The 403(b) plan, which is closely related to the better-known 401(k) plan, allows participants to save money for retirement through payroll deductions while enjoying certain tax benefits. There’s also an option for the employer to match part of the employee’s contribution.
KEY TAKEAWAYS
- 403(b)s are retirement savings plans that serve employees of public schools and tax-exempt organizations.
- Contributions to 403(b) plans are made through payroll deductions.
- The IRS limits the amount that employees can contribute to their 403(b) plans.
- The advantages of a 403(b) include faster vesting of funds and the ability to make additional catch-up contributions.
- Investment choices may be more limited with a 403(b) and some accounts offer less protection from creditors than 401(k)s.
How 403(b) Plans Work
As noted above, individuals employed by schools and other tax-exempt organizations can save for retirement by contributing to a 403(b) plan through payroll deductions.

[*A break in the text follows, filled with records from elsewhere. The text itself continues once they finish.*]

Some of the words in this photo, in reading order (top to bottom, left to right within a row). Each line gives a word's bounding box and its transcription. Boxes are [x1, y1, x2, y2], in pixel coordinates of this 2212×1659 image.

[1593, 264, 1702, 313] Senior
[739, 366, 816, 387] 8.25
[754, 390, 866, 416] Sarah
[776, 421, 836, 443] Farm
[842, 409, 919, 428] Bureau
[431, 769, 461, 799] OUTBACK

The plan is akin to the 401(k) plan used by private-sector employees. Participants can include:
- Employees of public schools, state colleges, and universities
- Public school employees of Indian tribal governments
- Church employees
- Employees of tax-exempt 501(c)(3) organizations
- Ministers and clergy members2
Advantages and Disadvantages of 403(b) Plans
There are distinct benefits and drawbacks of holding a 403(b) plan. We’ve highlighted some of the most common ones below.
Advantages
Earnings and returns on amounts in a regular 403(b) plan are tax-deferred until they are withdrawn. Earnings and returns on amounts in a Roth 403(b) are tax-deferred if the withdrawals are qualified distributions.
Certain 403(b) plans are not required to meet the onerous oversight rules of the Employee Retirement Income Security Act (ERISA). As such, these plans tend to come with lower administrative costs, which puts more money back into the employee’s pocket.

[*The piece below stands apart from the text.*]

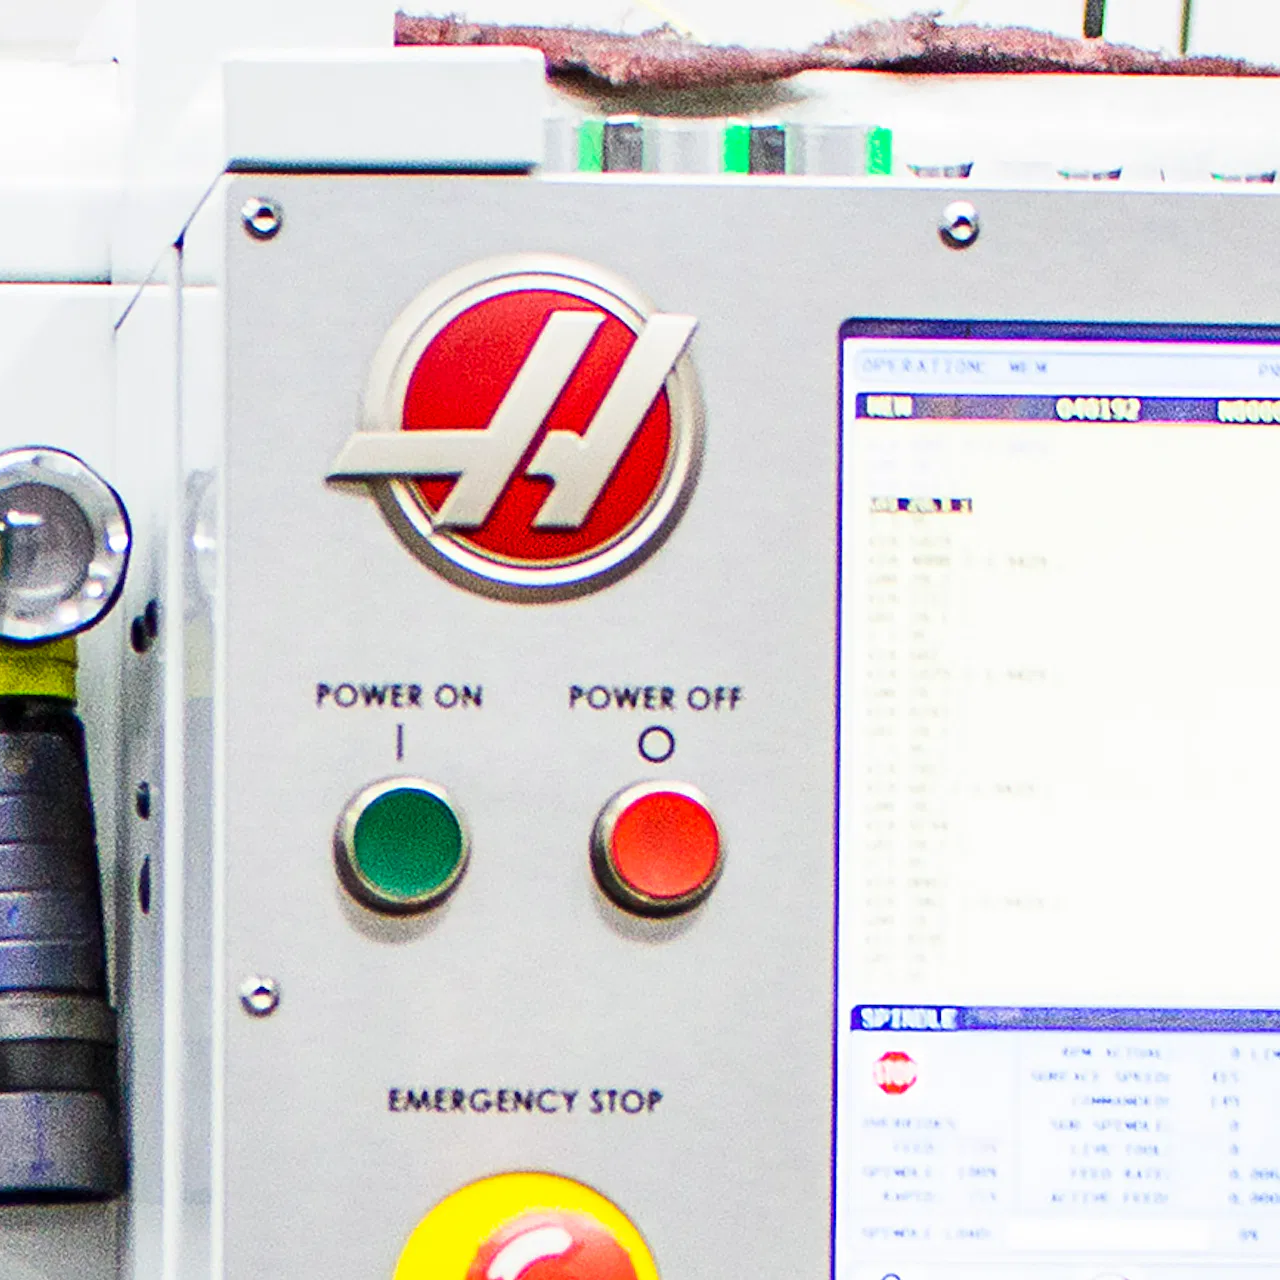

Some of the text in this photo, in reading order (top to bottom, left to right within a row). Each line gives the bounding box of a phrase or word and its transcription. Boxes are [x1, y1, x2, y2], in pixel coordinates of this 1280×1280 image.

Many 403(b) plans vest funds over a shorter period than 401(k)s, and some even allow immediate vesting of funds, which 401(k)s rarely do.
If an employee has 15 or more years of service with certain nonprofits or government agencies, they may be able to make additional catch-up contributions to a 403(b) plan. Under this provision, you can contribute an additional $3,000 a year, up to a lifetime limit of $15,000. And unlike the usual retirement plan catch-up provisions, you don’t have to be 50 or older to take advantage of this as long as you worked for the same eligible employer for the whole 15 years.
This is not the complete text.